GREFFIER LORS DES DEBATS : Nathalie ARNAULD
GREFFIER LORS DU DELIBERE : Marc SILECCHIA
Débats à l’audience publique de référé du 04 juillet 2025
Délivrance de copies :
— clause exécutoire délivrée le à SCI ST CHRISTOPHE par Me GOEDERT-FURLAN (case)
— copie certifiée conforme délivrée le à Me GOEDERT-FURLAN (case)
1/7
/7
EXPOSE DU LITIGE
Par contrat du 7 septembre 2021, la SCI SAINT CHRISTOPHE prise en la personne de son représentant légal a consenti à Madame [H] [D] un bail d’habitation sur un logement (appartement n°2) situé [Adresse 5] FALCK (57) outre une cave et un emplacement de parking sis même adresse moyennant un loyer mensuel révisable de 480 euros, outre un acompte provisionnel sur charges mensuel d’un montant de 50 euros.
En raison de loyers qui seraient demeurés impayés, la SCI SAINT CHRISTOPHE prise en la personne de son représentant légal a fait signifier à Madame [H] [D] le 13 septembre 2024 un commandement de payer visant la clause résolutoire pour une somme en principal de 2.027 euros.

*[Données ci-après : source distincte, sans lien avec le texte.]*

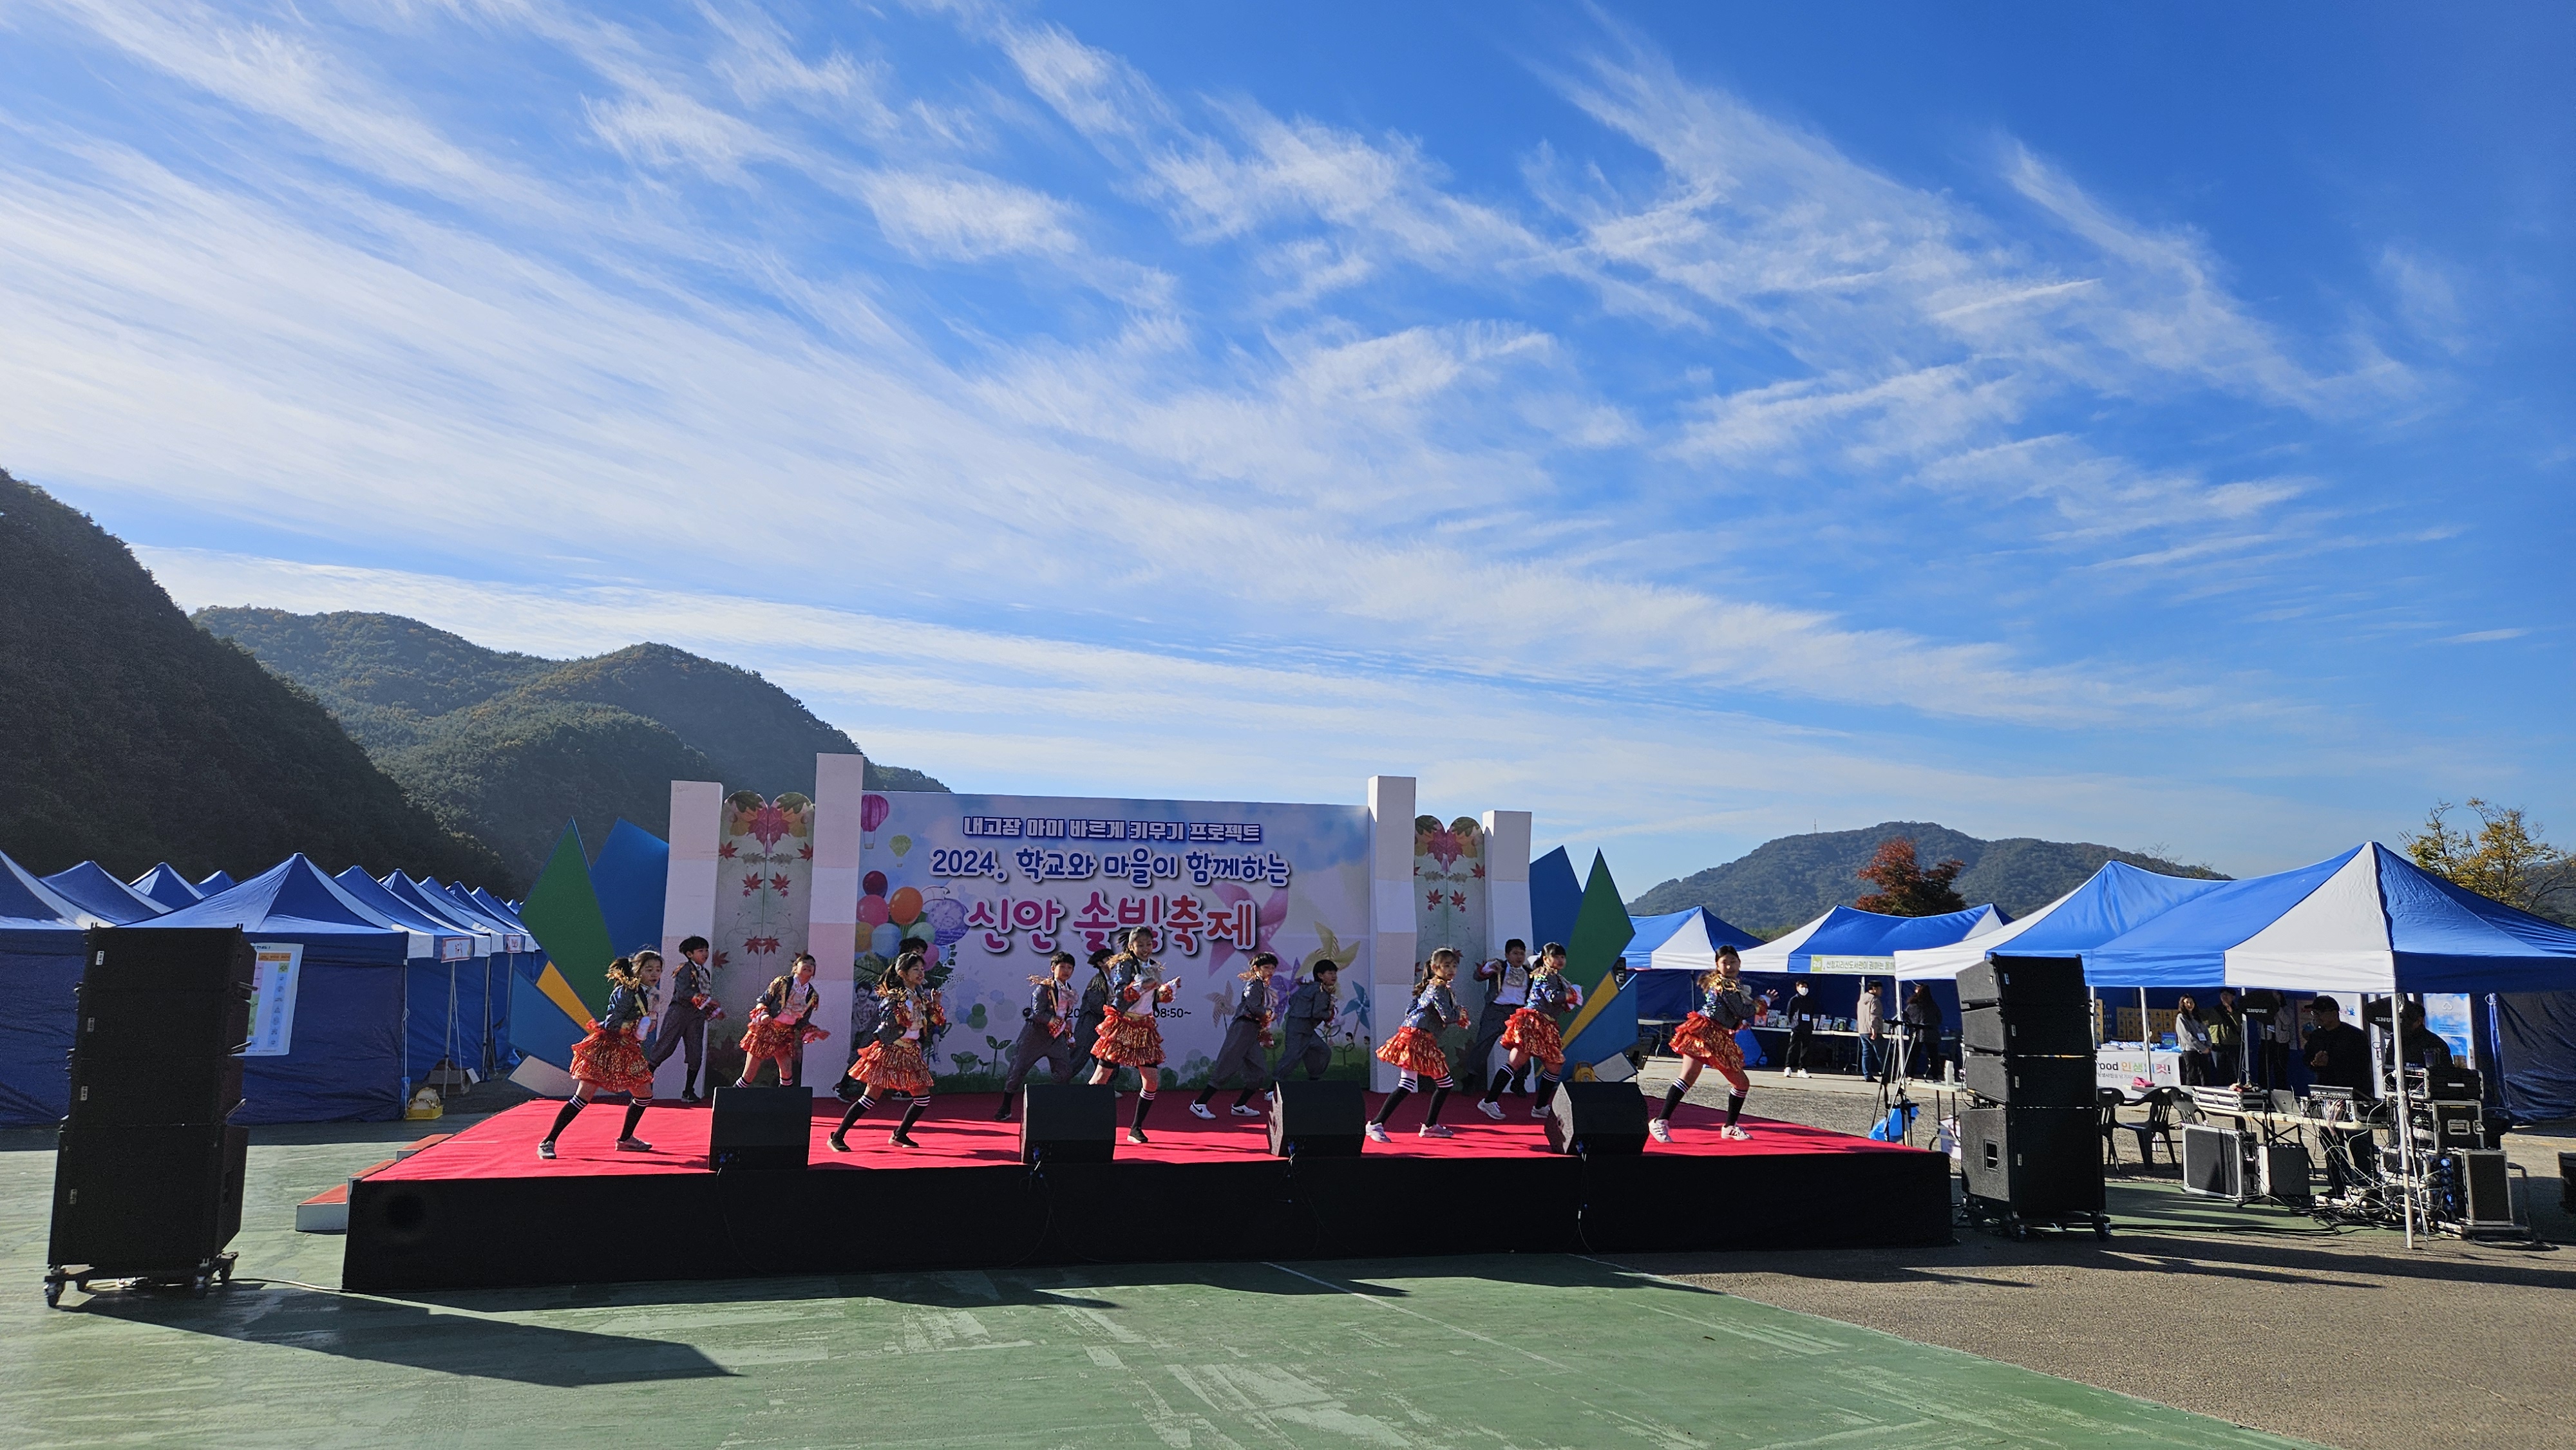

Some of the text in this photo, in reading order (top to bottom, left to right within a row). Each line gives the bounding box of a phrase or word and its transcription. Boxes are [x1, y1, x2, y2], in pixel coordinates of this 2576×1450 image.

[963, 816, 1260, 842] 내고장 아이 바르게 키우기 프로젝트
[1016, 848, 1094, 880] 학교와
[1104, 848, 1175, 884] 마을이
[1186, 849, 1287, 884] 함께하는
[967, 898, 1061, 950] 신안
[2099, 1062, 2119, 1071] ood
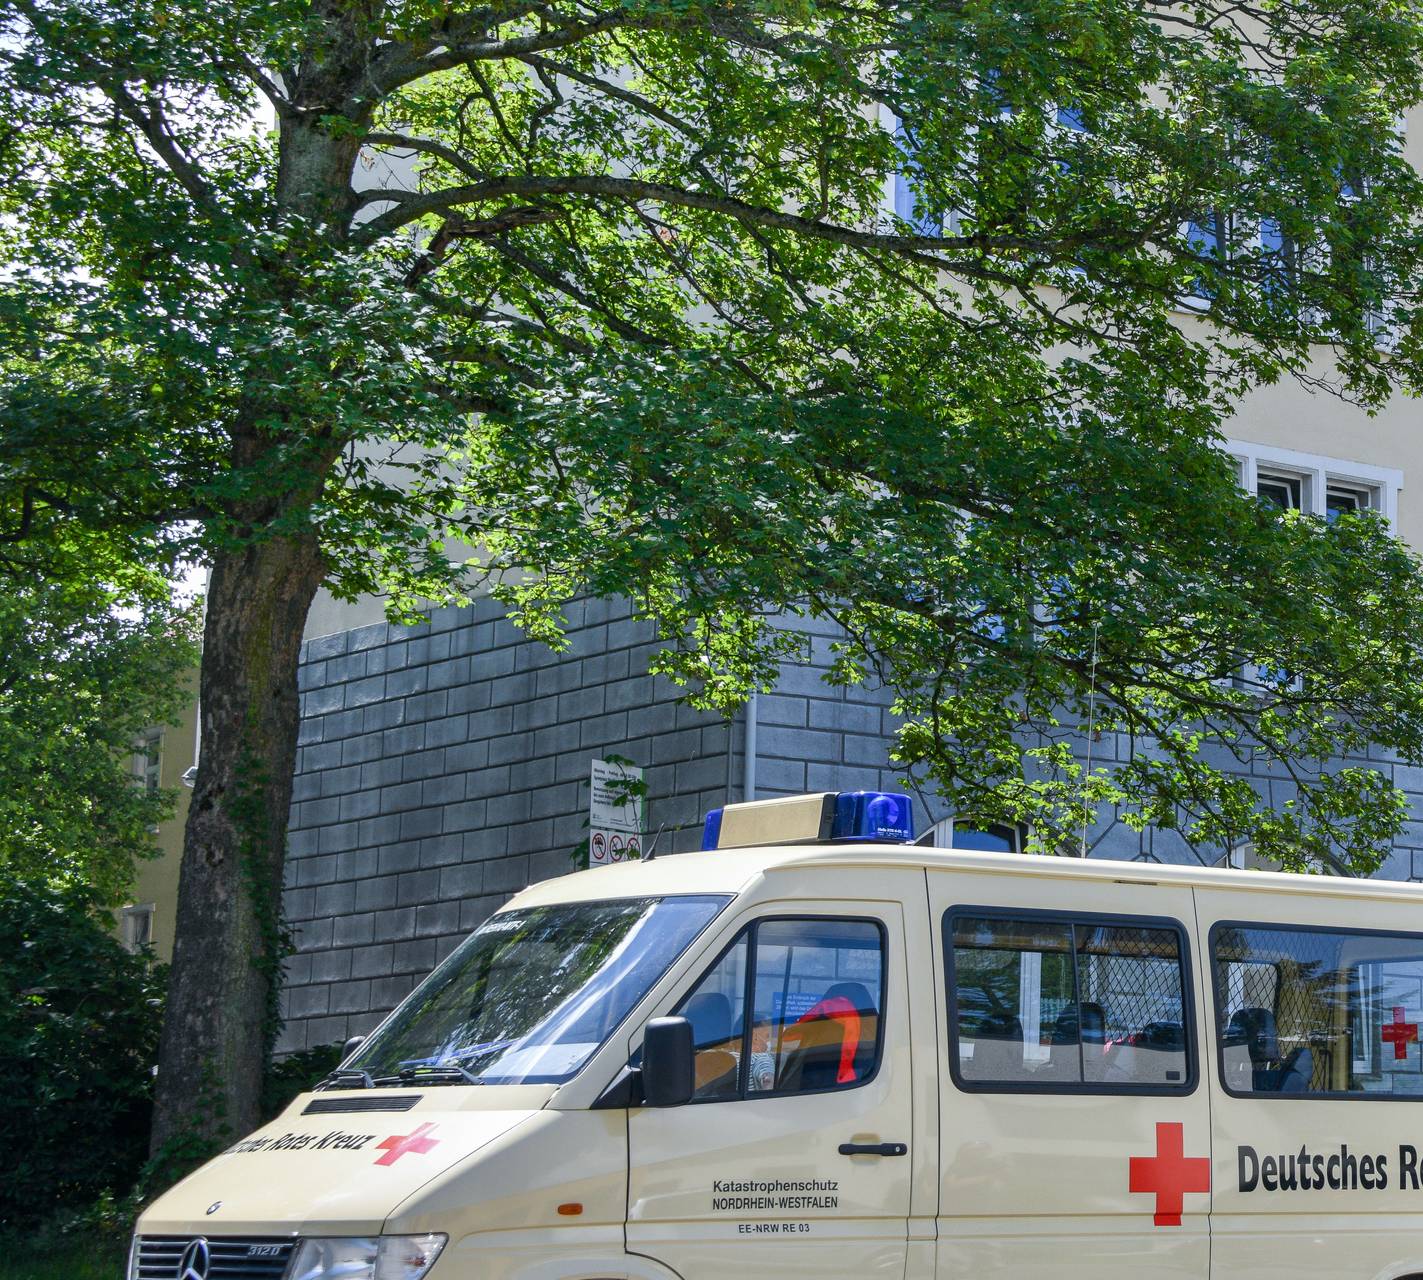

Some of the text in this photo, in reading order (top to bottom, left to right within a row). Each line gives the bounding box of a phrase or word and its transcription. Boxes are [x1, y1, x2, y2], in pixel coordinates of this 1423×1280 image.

[264, 1133, 318, 1151] Rotes
[309, 1131, 377, 1150] Kreuz
[1237, 1144, 1388, 1192] Deutsches
[713, 1179, 839, 1194] Katastrophenschutz
[712, 1197, 838, 1210] NORDRHEIN-WESTFALEN
[738, 1224, 810, 1234] EE-NRW RE 03
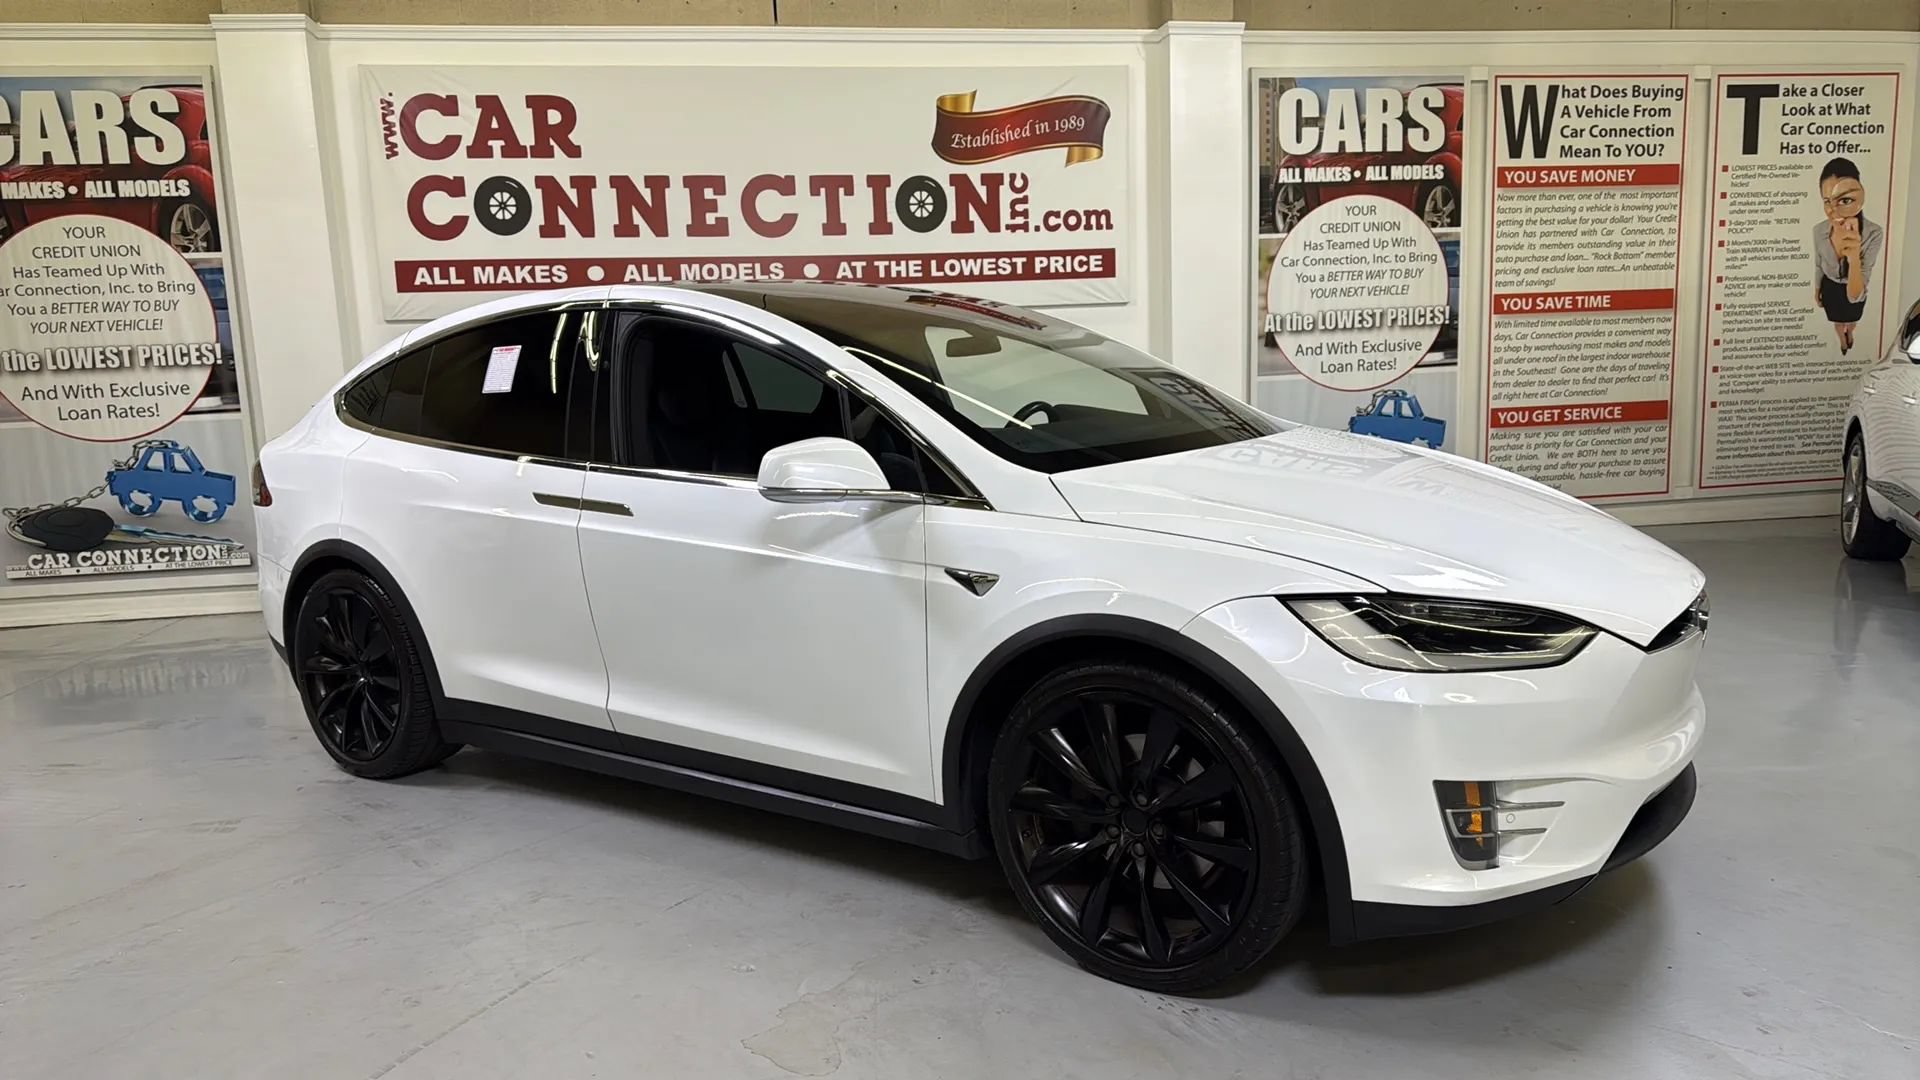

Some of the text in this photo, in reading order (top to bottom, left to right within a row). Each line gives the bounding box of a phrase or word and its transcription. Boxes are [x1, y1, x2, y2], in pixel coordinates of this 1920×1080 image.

Par acte de Commissaire de justice signifié à Madame [H] [D] le 8 avril 2025, et enregistré au greffe le 24 avril 2025, la SCI SAINT CHRISTOPHE prise en la personne de son représentant légal a constitué avocat et l’a assignée à comparaître par devant le Juge des contentieux de la protection près le Tribunal judiciaire de céans statuant en référé à l’audience du 4 juillet 2025 à 10 heures et a demandé, selon les moyens de fait et de droit exposés, à ladite juridiction, au visa des dispositions de la loi du 6 juillet 1989, de :
Au principal, renvoyer les parties ainsi qu’elles en aviseront,
Mais dès à présent, vu l’urgence,
— CONSTATER, au besoin ORDONNER, que le bail du 9 septembre 2021 ayant pris ses effets au 14 septembre 2021, intervenu entre elle et Madame [H] [D], concernant les locaux à usage d’habitation sis [Adresse 4] à [Localité 8], soit résilié de plein droit depuis le 13 novembre 2024 ;
En conséquence,
— CONDAMNER Madame [H] [D], ainsi que tous occupants de son chef, à évacuer de corps et de biens, au besoin avec le concours de la force publique, lesdits locaux ;
— CONDAMNER Madame [H] [D] à lui payer, à titre provisionnel :
La somme de 4.677 euros représentant l’arriéré locatif, avec intérêts au taux légal à compter du 13 novembre 2024, date de la délivrance du commandement de payer augmenté de deux mois,
Une indemnité d’occupation mensuelle de 530 euros payable le 1er de chaque mois jusqu’à la libération effective des lieux et ce, à compter du jour de la résolution du bail, avec intérêts au taux légal à compter de chaque échéance ;
— CONDAMNER Madame [H] [D] à lui verser la somme de 1.200 euros au titre des dispositions de l’article 700 du Code de procédure civile ;
— CONDAMNER la défenderesse en tous les frais et dépens ;
— DECLARER l’ordonnance à intervenir exécutoire par provision.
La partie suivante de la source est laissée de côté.